Zameen is the title of several Bollywood films.

==Zameen (2003)==

An action movie directed by Rohit Shetty, the film is based on the hijacking of Indian Airlines Flight 814 by terrorists. It stars Ajay Devgan, Abhishek Bachchan, and Bipasha Basu. Ajay Devgan plays the character of a soldier who lives by the code and Abhishek Bachchan is an ACP officer. Ram Awana played the role of Akku (one of the four terrorists that hijack the flight).
- .

==Zameen (1987)==

This film was directed by Ramesh Sippy and starried Vinod Khanna, Sridevi, Sanjay Dutt, Madhuri Dixit, Rajnikanth and Sujata Mehta in key roles.

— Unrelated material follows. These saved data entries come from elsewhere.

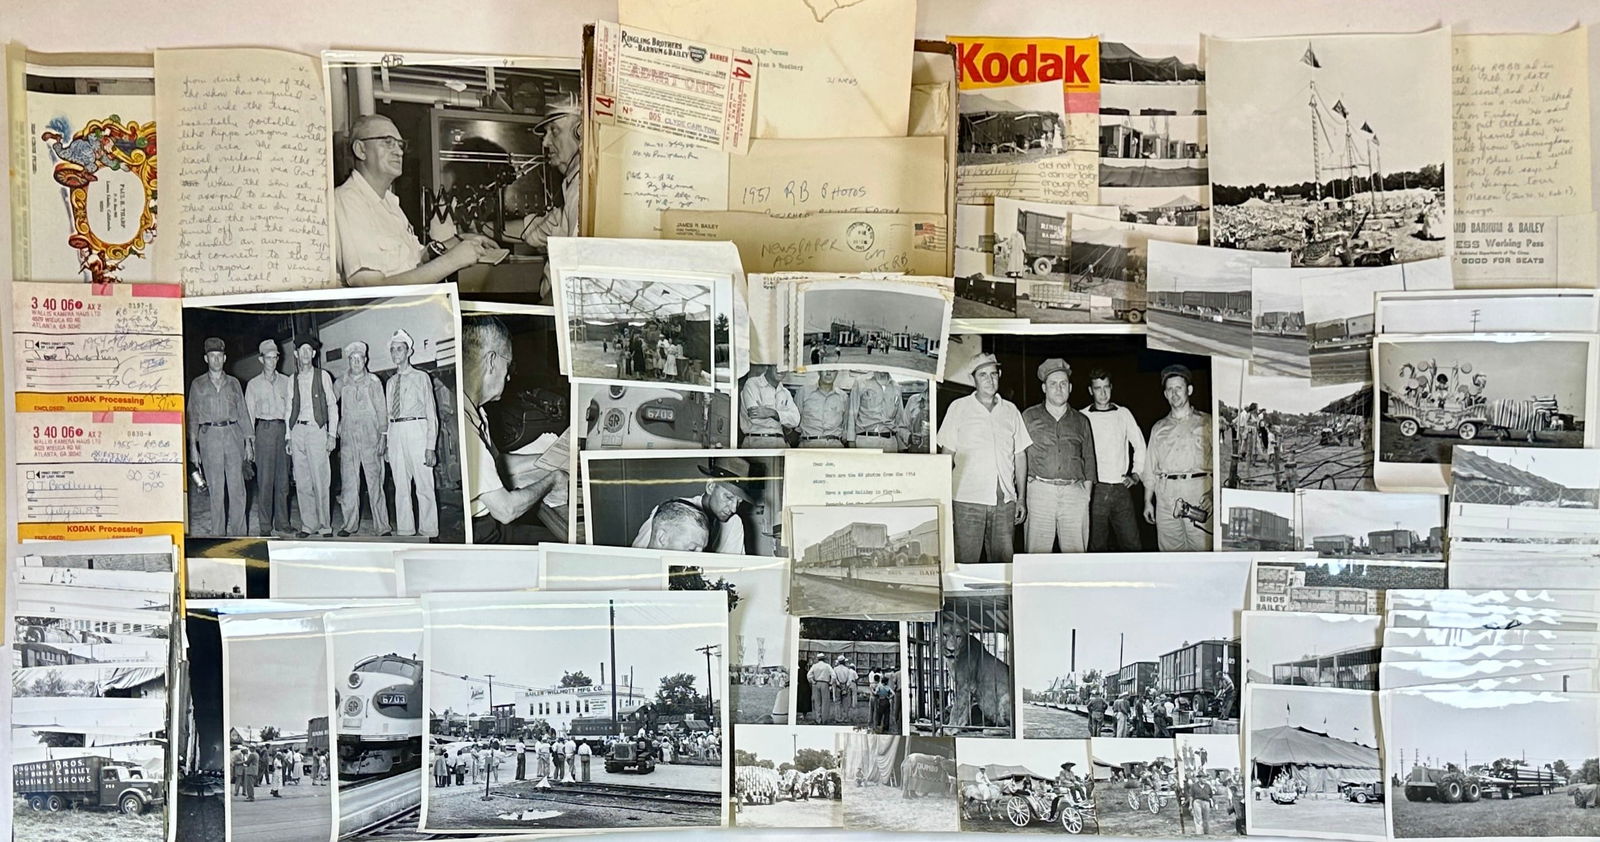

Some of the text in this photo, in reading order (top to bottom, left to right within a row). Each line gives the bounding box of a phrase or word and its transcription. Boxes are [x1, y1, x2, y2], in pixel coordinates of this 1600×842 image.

[621, 31, 682, 50] RINGLING BROTHERS
[668, 49, 690, 59] BAILEY
[732, 58, 753, 79] 14
[959, 42, 1090, 84] Kodak
[595, 96, 615, 118] 14
[1471, 222, 1545, 233] BARNUM & BAILEY
[1485, 238, 1522, 249] Working
[1526, 239, 1544, 248] Pass
[31, 297, 39, 310] 3
[43, 298, 57, 311] 40
[99, 396, 145, 405] Processing
[648, 408, 674, 419] 6703
[33, 426, 40, 438] 3
[44, 426, 57, 438] 40
[99, 526, 144, 534] Processing
[382, 695, 406, 704] 6703
[64, 767, 91, 775] BAILEY
[15, 775, 92, 786] COMBINED SHOWS

It was shelved halfway through production when the producers ran out of funds.

==Zameen (1943)==
This version is a black and white film directed by Anand Kumar and starring Durga Khote

==See also==
Other films with "Zameen" in title:
- Do Bigha Zameen (1953)
- Do Gaz Zameen Ke Neeche (1972)
- Zameen Aasmaan (1946)
- Zameen Aasmaan (1972)
- Zameen Aasmaan (1984)
- Zameen Ke Tare (1960)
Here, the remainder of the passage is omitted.